Task brief
Beginning with the line that contains "this 1600×900 image.", output each line below exactly through the last one, both included, and nothing else.

Entries shown
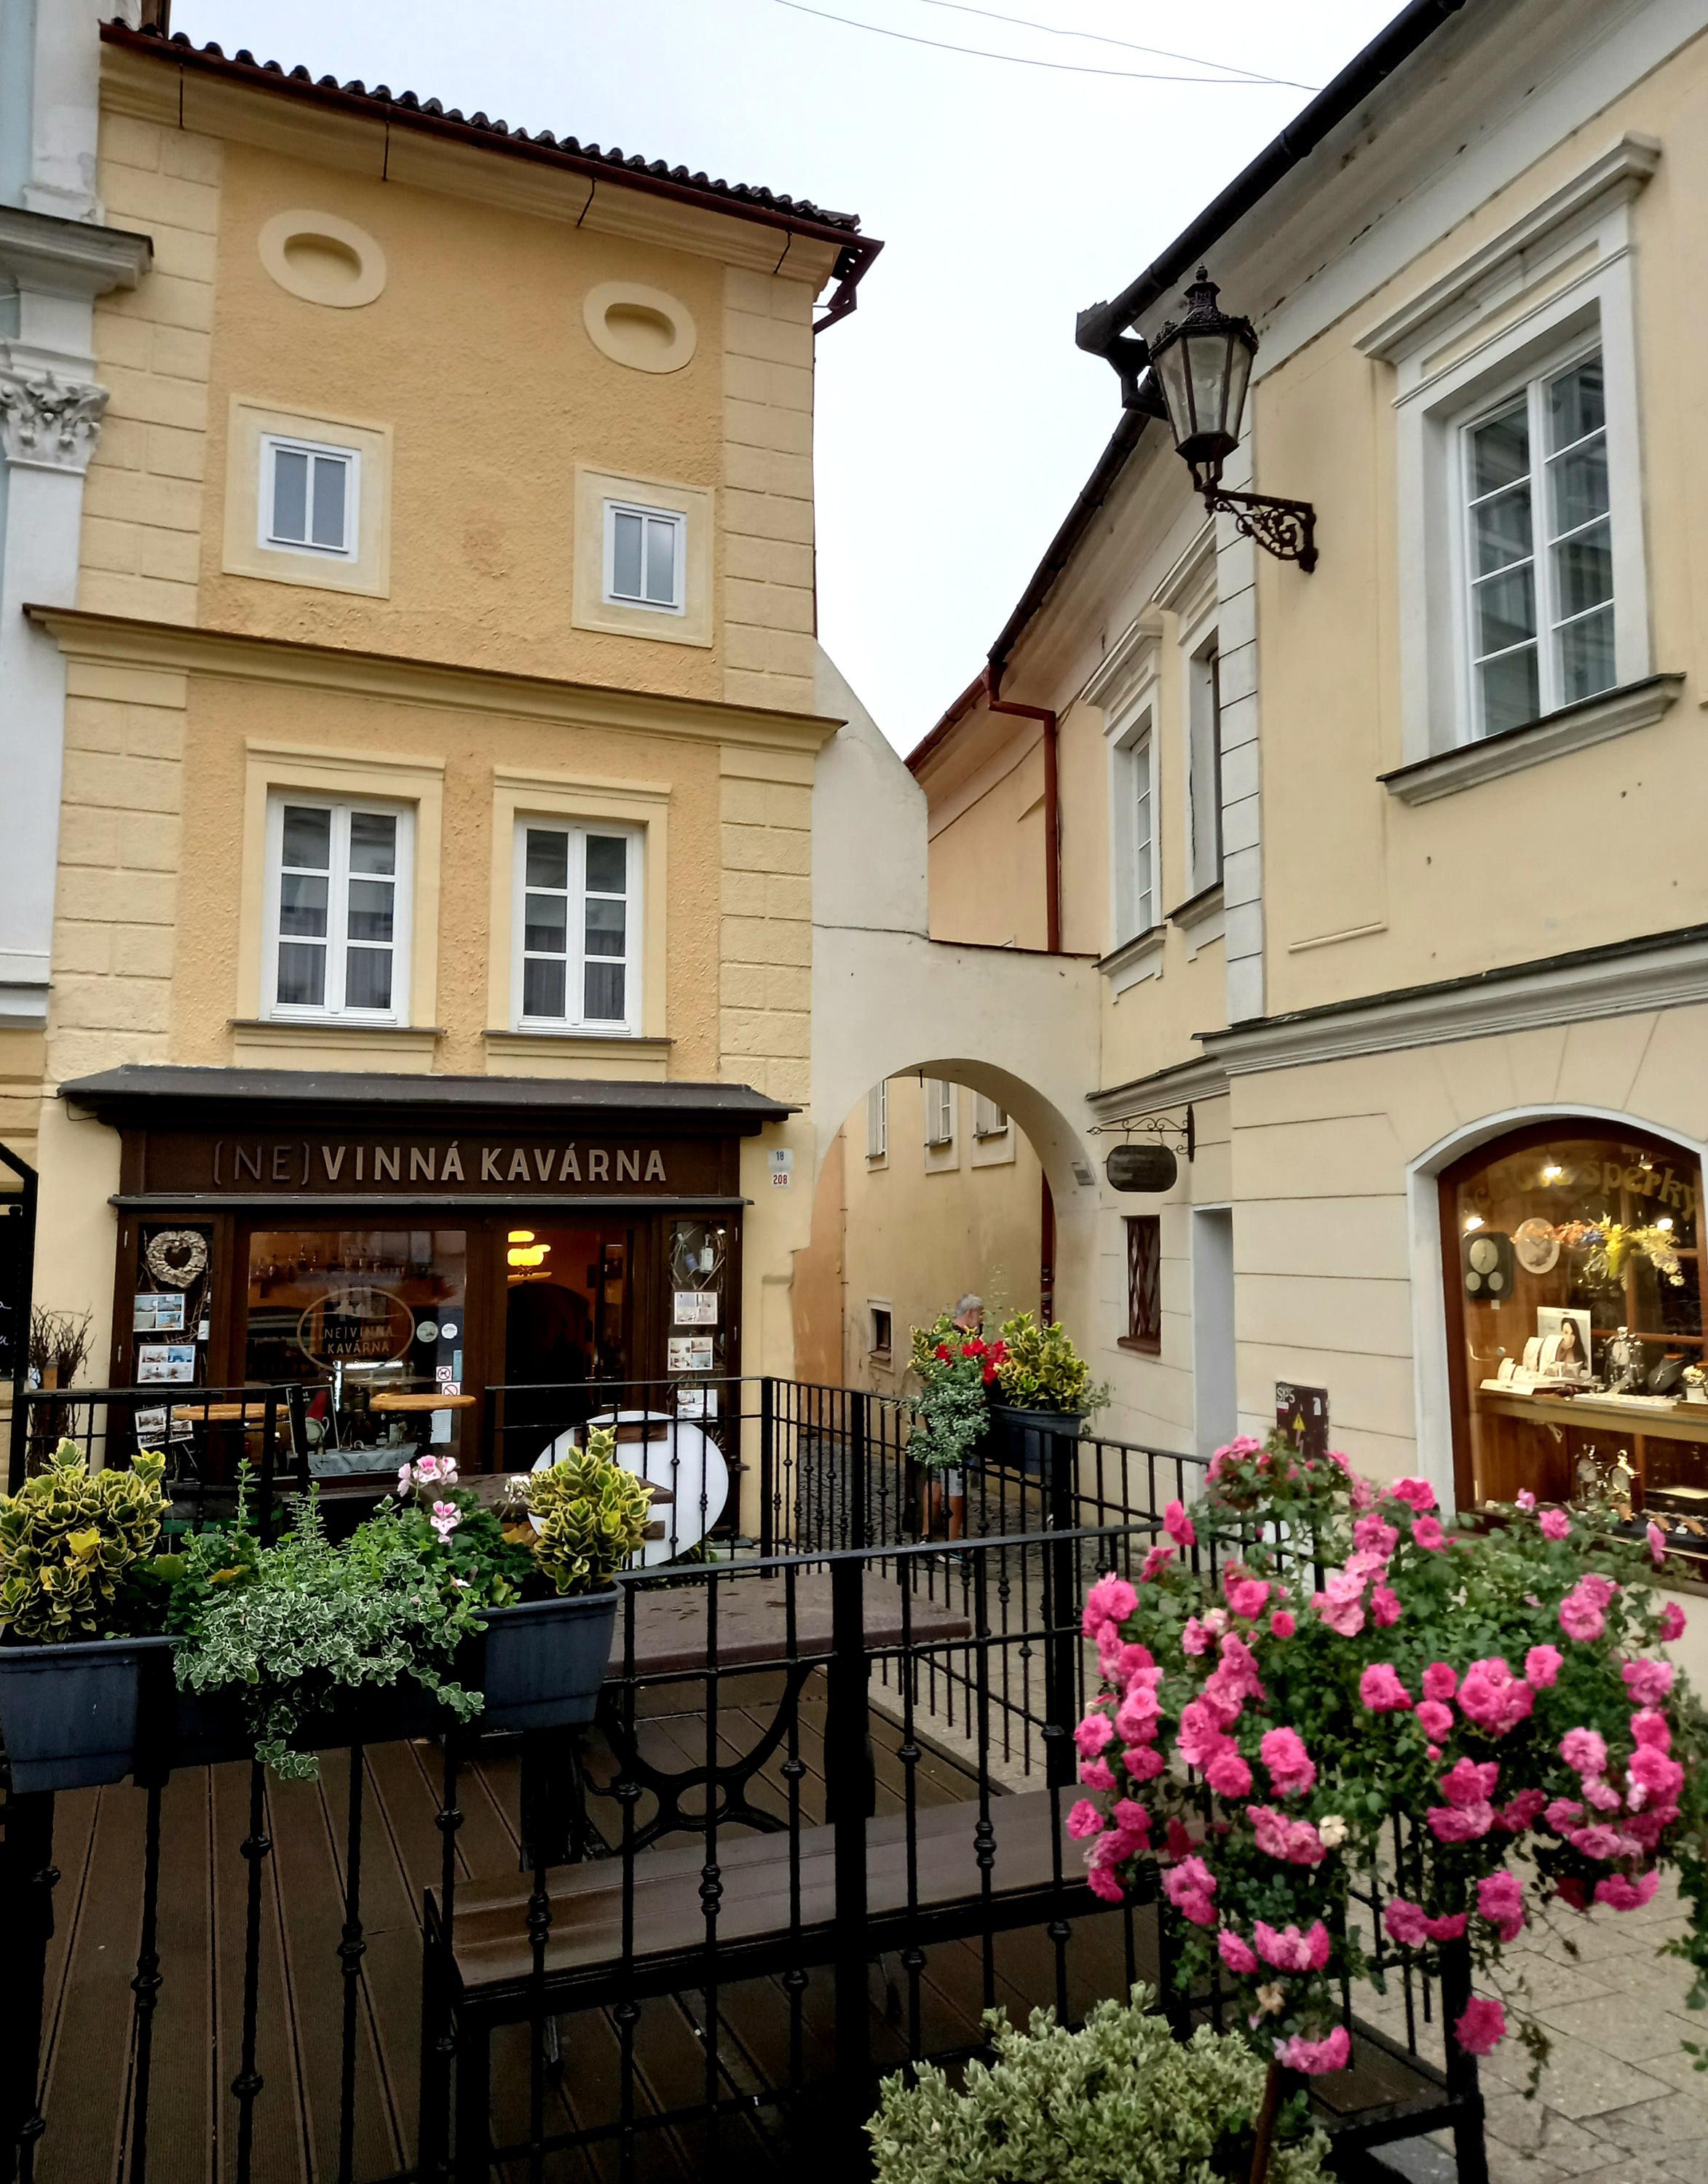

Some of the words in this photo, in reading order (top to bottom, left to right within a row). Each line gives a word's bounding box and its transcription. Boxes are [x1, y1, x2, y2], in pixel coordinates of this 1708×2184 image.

[481, 1142, 667, 1182] KAVÁRNA
[776, 1150, 784, 1161] 18
[772, 1174, 788, 1185] 208
[328, 1340, 390, 1355] KAVÁRNA
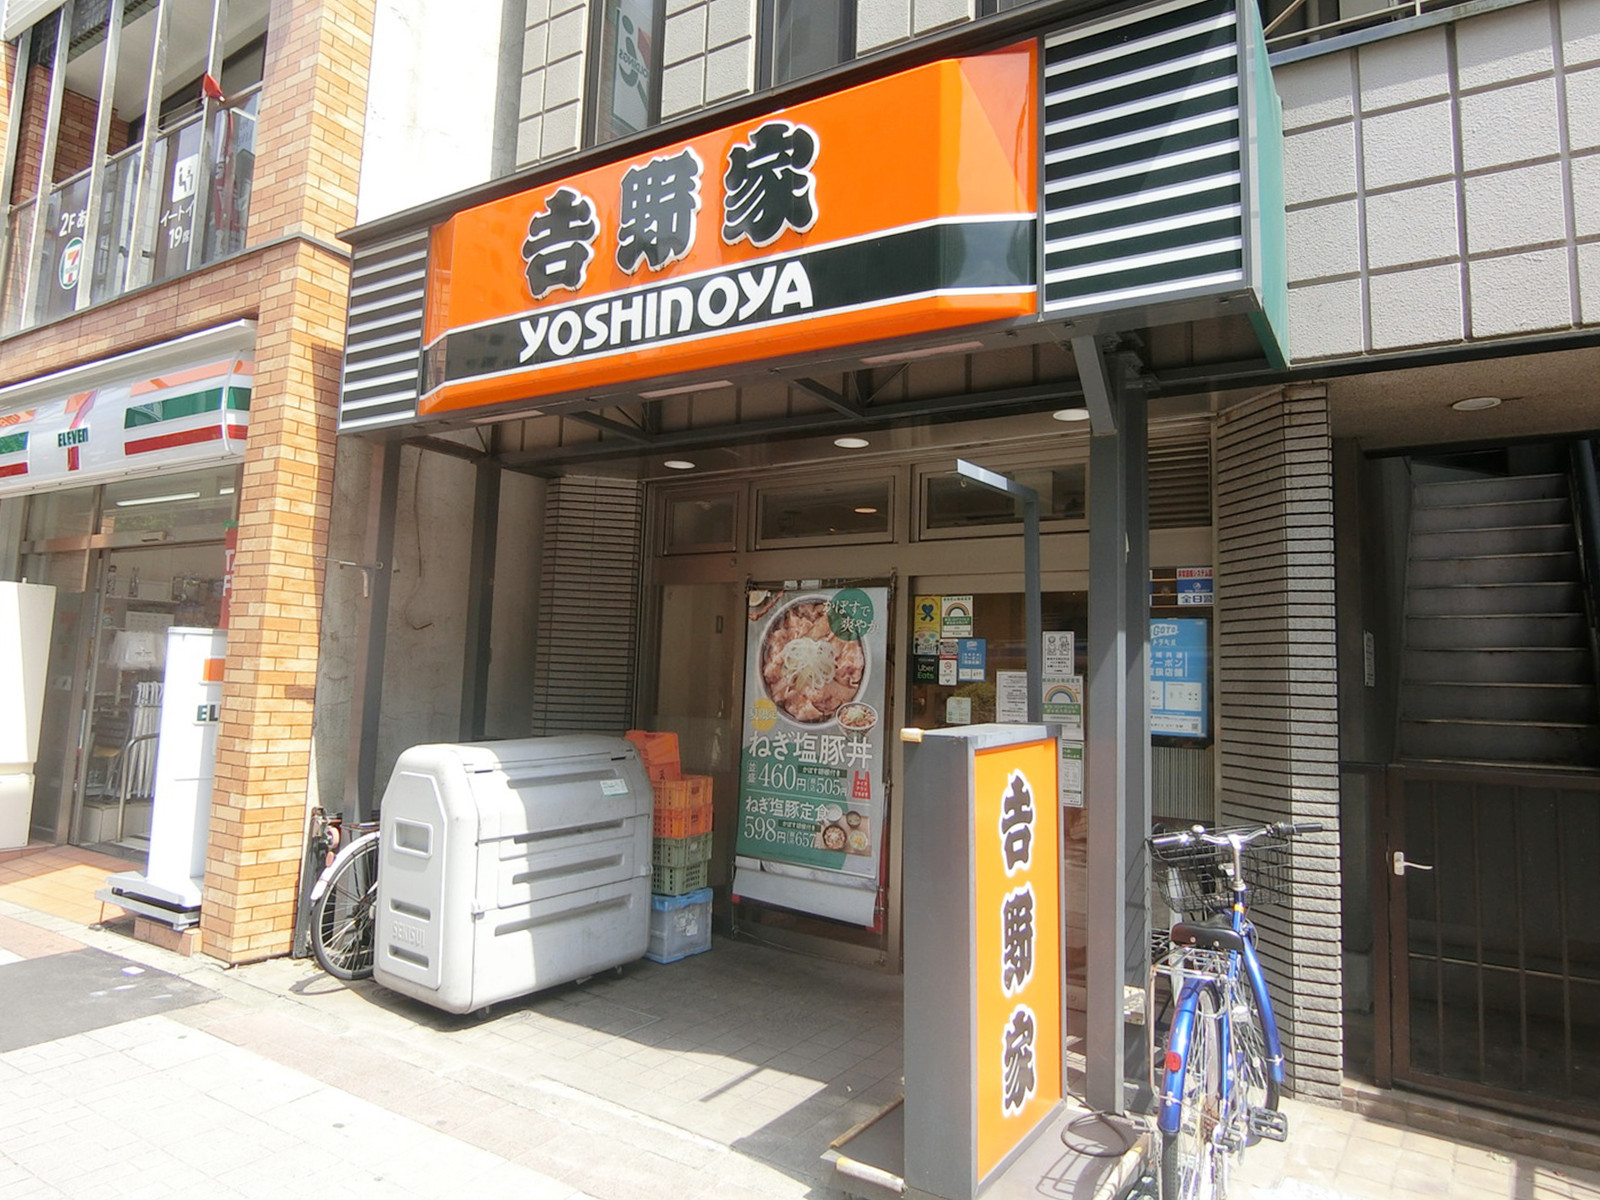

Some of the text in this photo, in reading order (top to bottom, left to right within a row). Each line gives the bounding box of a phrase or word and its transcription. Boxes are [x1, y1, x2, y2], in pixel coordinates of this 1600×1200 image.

[522, 121, 820, 300] 吉野家
[519, 260, 814, 364] YOSHINOYA
[748, 731, 873, 769] ねぎ塩豚丼
[745, 796, 830, 823] ねぎ塩豚定食
[1000, 769, 1037, 1117] 吉野家
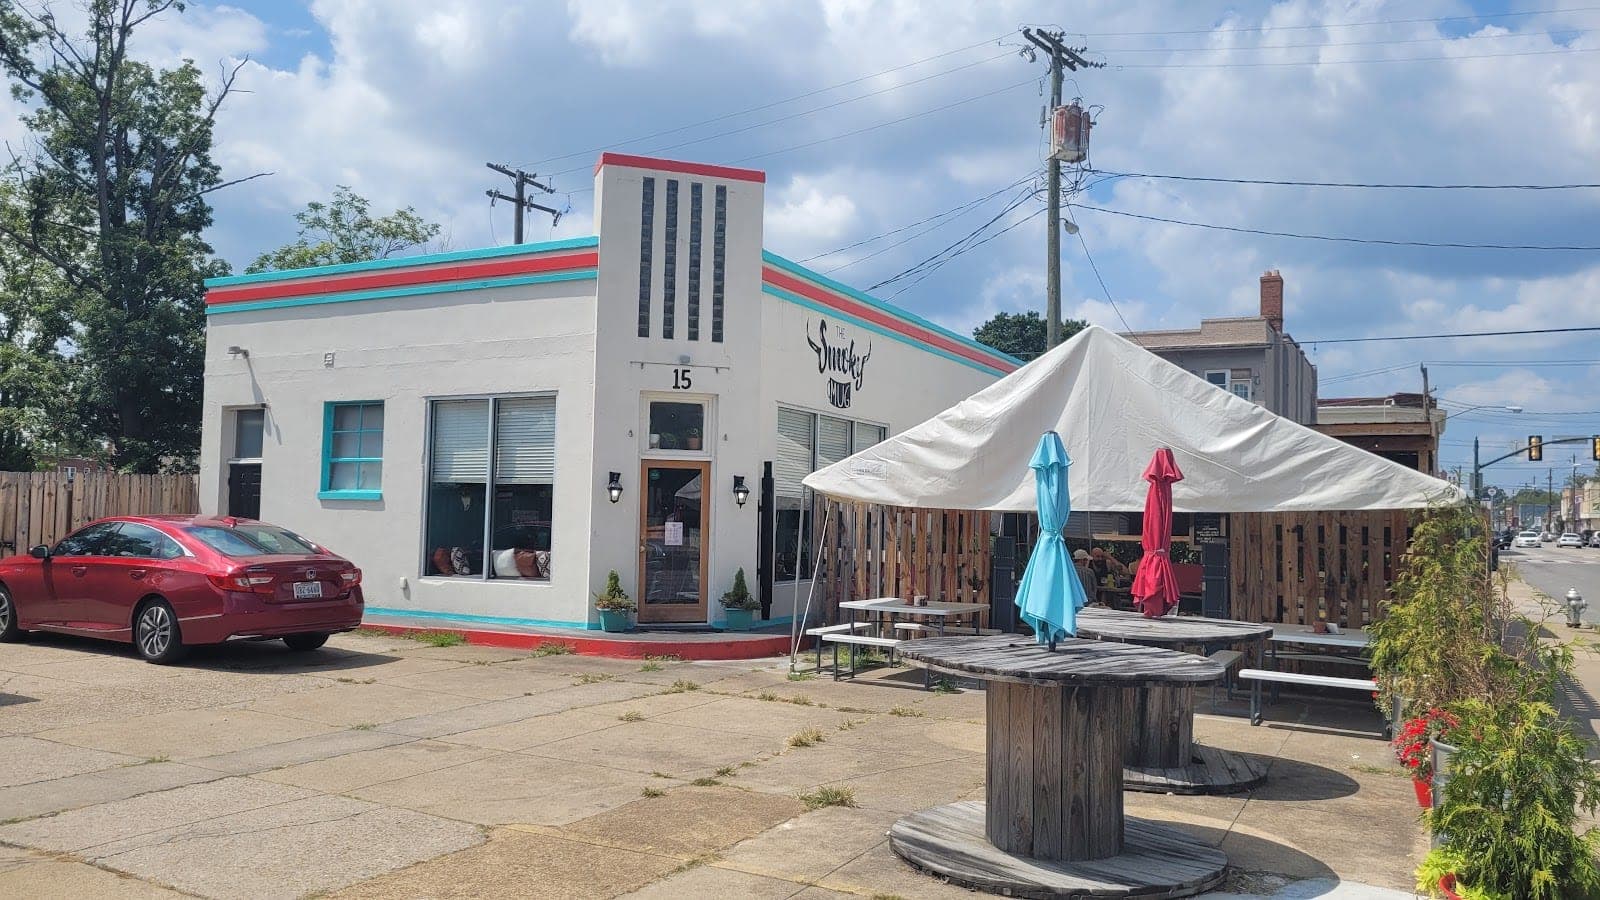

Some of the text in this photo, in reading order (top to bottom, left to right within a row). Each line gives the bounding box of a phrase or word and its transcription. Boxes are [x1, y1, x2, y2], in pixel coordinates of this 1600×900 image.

[835, 325, 846, 340] THE
[808, 318, 871, 391] Smoky
[672, 368, 692, 390] 15
[829, 377, 851, 409] MUG

Answer box
Some of the text in this photo, in reading order (top to bottom, left to right within a row). Each line gives the bounding box of a phrase or word and its transcription. Boxes are [x1, y1, x2, y2], in pixel coordinates of this 1600×900 image.

[835, 325, 846, 340] THE
[808, 318, 871, 391] Smoky
[672, 368, 692, 390] 15
[829, 377, 851, 409] MUG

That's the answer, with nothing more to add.